Hoy comprar dejó de ser una actividad imperativa u obligatoria y desapareció totalmente como una opción de ocio cuando no tengo nada que hacer, pues hoy es el resultado de una decisión consciente que surge de una necesidad verdadera de adquirir productos o servicios que me aporten un valor real.

Es así como a pesar de haber reducido las salidas a comer fuera de casa, hoy hacerlo es una actividad planeada que involucra descubrir espectaculares restaurantes donde el menú tiene pocas pero cuidadas y exquisitas opciones, con una esmerada y delicada elaboración teniendo como resultado platos extraordinarios que complementan la experiencia con un impecable servicio dentro de un plausible ambiente.

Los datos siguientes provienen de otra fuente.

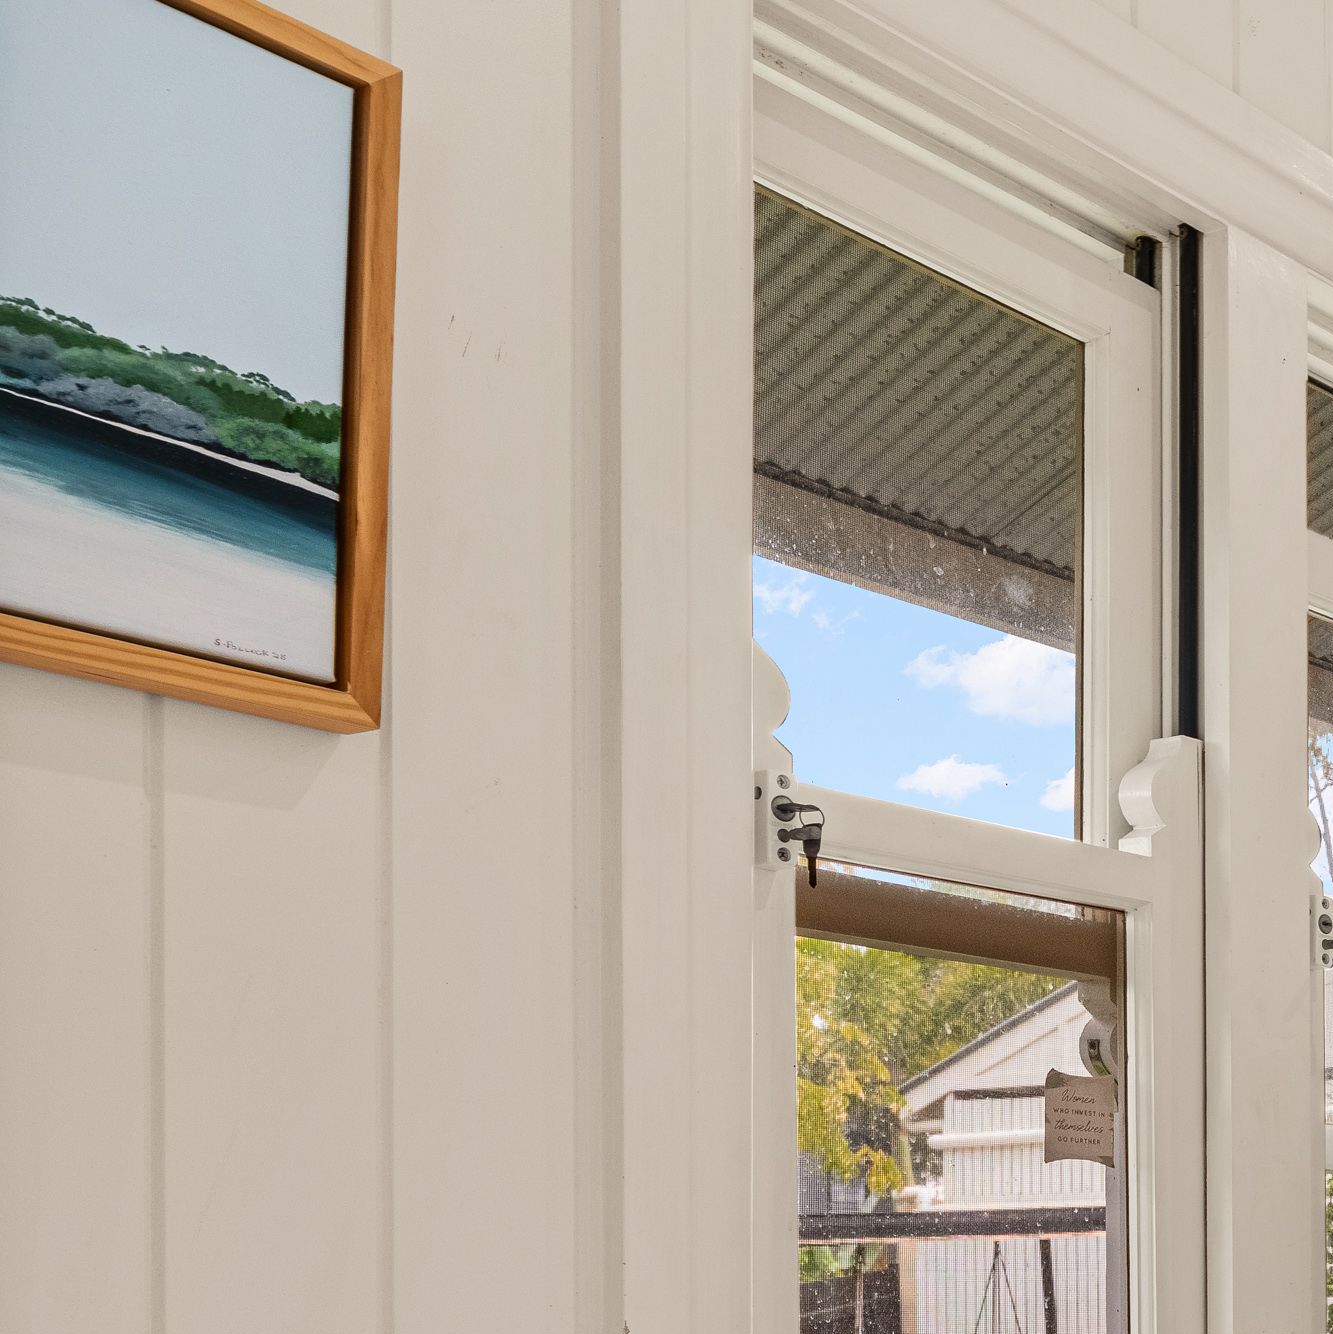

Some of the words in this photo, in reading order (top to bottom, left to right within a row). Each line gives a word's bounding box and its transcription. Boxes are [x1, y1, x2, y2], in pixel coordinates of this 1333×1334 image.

En igual sentido la experiencia de ir de tiendas la he simplificado  a la selección de unas cuantas boutiques con pequeñas colecciones de vestuario, zapatos y accesorios con particulares y únicos diseños y dedicada confección con pulidos detalles que compaginan perfectamente con mi estilo personal.

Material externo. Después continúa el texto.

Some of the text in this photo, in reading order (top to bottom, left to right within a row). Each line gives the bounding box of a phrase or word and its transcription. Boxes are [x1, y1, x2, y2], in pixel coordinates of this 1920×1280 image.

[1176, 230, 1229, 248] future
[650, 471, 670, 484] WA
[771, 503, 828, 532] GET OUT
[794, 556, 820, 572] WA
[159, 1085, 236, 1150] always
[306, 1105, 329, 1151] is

Así mismo hoy prefiero las secciones en los supermercados o los pequeños mercados donde abundan los alimentos naturales y saludables y se reduce la tentación de las innumerables opciones de los productos altamente procesados.

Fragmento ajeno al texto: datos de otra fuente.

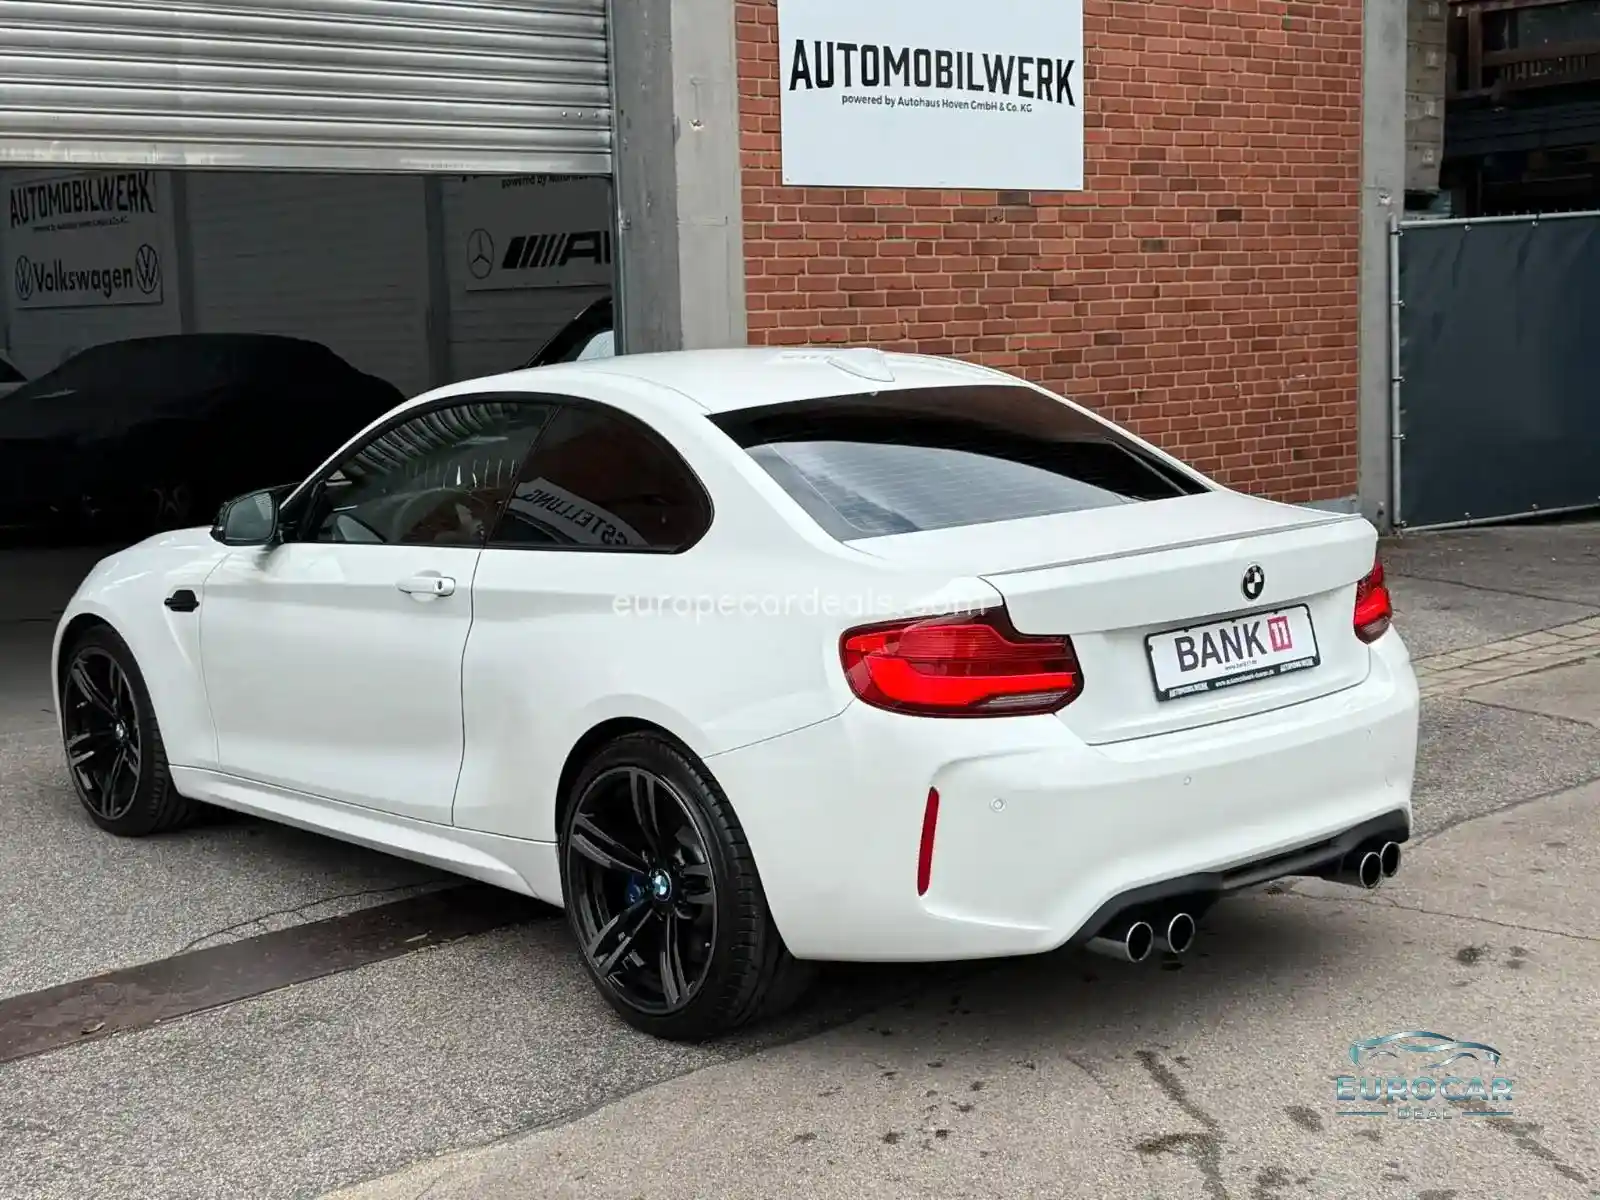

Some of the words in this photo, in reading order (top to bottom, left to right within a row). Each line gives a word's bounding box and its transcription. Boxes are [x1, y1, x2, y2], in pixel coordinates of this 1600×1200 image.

[789, 39, 1076, 107] AUTOMOBILWERK
[842, 95, 882, 106] powered
[884, 95, 896, 107] by
[897, 97, 940, 108] Autohaus
[942, 99, 969, 110] Hoven
[970, 101, 998, 111] GmbH
[999, 102, 1005, 112] &
[1006, 102, 1018, 112] Co.
[1020, 103, 1033, 112] KG
[10, 171, 155, 229] AUTOMOBILWERK
[33, 258, 134, 299] Volkswagen
[1174, 621, 1268, 673] BANK

De ésta manera he priorizado la calidad sobre la cantidad, reduciendo la frecuencia de las compras y el número de productos que adquiero, eliminando la impulsividad por lo superfluo, aprovechando, usando y realmente apreciando los artículos que decido llevar a casa, con lo cual tener un número reducido de opciones me lleva a tomar decisiones más rápidas y efectivas con éste fin.

Lo cual a su vez es acorde con mis necesidades actuales, las de mi familia, mi hogar y mis finanzas, abriendo la puerta así a la frugalidad al inteligentemente vivir sin que falte nada, pero sin que sobre tampoco, encontrando un verdadero equilibrio en el consumo.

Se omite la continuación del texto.